Uma das autoras do estudo do Made/USP, a economista Luísa Cardoso Guedes de Souza, doutora em demografia pela Universidade Federal de Minas Gerais (UFMG), alerta que “de acordo com o IBGE, o Brasil voltou ao mapa da fome em 2018”, com aumento da pobreza maior entre mulheres e negros.
“Calculamos que, em 2019, antes da pandemia, a taxa de extrema pobreza no país era de 6,6%, o que representa 13,9 milhões de pessoas. Já a taxa de pobreza era de 24,8%, afetando 51,9 milhões de brasileiros. Considerando o valor médio de R$ 250 estabelecido para o auxílio emergencial em 2021, vemos que a taxa de extrema pobreza esse ano deverá ser de 9,1% (19,3 milhões de pessoas) e a de pobreza de 28,9% (61,1 milhões de pessoas). Assim, após um ano de pandemia, teremos um acréscimo de aproximadamente 9 milhões de brasileiros em situação de pobreza e insegurança alimentar”, afirma.
De acordo com a demógrafa, os beneficiários do auxílio emergencial são as pessoas de baixa renda, em maior situação de vulnerabilidade. “Apesar do aumento do PIB no primeiro trimestre de 2021, o consumo das famílias não acompanhou esse crescimento. A escalada recente da inflação e, especialmente, o aumento os preços dos alimentos impactam, sobretudo, as famílias mais pobres”, destaca. Segundo ela, os resultados mostram que “o auxílio emergencial de 2021 é insuficiente para conter a perda de renda da população” em função da pandemia.

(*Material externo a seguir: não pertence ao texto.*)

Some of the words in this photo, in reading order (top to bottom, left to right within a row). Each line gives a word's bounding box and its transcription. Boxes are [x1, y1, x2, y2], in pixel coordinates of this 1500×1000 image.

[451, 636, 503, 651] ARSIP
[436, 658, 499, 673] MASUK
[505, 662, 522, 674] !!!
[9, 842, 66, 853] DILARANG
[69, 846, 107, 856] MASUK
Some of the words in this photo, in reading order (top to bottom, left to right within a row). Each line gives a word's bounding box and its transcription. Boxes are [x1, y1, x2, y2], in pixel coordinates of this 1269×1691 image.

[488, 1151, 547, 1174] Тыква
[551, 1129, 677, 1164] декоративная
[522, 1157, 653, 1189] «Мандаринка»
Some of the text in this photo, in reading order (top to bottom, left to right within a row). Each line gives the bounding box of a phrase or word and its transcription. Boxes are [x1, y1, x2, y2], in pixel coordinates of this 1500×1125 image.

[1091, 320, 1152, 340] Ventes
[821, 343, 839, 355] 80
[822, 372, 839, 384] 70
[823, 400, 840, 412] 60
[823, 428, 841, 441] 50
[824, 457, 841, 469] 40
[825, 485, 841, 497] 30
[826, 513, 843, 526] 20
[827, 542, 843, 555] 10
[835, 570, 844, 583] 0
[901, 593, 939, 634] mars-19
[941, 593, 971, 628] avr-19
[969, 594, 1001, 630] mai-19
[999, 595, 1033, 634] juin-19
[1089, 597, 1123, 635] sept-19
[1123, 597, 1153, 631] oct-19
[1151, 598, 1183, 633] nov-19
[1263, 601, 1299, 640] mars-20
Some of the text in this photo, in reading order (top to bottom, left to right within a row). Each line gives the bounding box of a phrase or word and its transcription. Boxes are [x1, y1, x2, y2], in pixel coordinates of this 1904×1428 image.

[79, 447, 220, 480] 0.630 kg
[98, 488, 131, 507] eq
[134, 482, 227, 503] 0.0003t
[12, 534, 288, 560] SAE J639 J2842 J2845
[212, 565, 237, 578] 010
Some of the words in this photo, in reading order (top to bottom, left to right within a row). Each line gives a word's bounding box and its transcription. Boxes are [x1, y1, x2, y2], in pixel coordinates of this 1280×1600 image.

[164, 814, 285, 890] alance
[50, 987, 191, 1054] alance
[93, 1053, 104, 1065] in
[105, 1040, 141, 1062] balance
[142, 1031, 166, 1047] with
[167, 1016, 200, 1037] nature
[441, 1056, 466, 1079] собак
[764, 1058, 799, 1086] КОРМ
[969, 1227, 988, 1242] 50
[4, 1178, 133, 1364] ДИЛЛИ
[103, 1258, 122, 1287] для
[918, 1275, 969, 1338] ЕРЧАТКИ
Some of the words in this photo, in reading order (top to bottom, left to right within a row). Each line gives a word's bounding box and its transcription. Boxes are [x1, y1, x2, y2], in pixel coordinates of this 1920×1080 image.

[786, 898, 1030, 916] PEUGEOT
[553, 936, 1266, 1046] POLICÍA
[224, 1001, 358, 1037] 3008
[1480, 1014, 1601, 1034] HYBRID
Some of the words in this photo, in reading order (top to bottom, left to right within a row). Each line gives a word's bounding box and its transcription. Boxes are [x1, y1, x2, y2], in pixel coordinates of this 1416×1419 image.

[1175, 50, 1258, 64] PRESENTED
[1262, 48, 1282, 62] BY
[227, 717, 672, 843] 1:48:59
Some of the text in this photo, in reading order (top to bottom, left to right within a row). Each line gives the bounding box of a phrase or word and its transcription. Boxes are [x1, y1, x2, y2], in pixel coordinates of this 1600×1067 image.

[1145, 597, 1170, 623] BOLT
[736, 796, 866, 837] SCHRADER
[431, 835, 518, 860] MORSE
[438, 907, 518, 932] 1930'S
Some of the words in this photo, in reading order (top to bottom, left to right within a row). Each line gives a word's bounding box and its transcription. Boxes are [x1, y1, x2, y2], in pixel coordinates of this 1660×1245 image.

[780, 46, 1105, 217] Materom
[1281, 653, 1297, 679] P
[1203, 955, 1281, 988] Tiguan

“Considerando que não sabemos se o auxílio será estendido por um período maior de tempo nem como será o ritmo da vacinação até o final do ano, é muito provável que a pobreza não seja mitigada em 2021”, acrescenta.
Na avaliação de Luísa Cardoso, é bem provável que o empobrecimento da população e o aumento das desigualdades sociais perdurem para além do prazo do recebimento do auxílio emergencial. “Nosso estudo deixa evidente que são as mulheres negras as que mais estão sofrendo com a crise. O aumento da pobreza no Brasil reflete as desigualdades regionais, raciais e de gênero no país. A sobrerrepresentação das mulheres negras na pobreza é uma das consequências da desigualdade de gênero e de raça que sempre estiveram presentes na nossa sociedade, mesmo antes da pandemia.”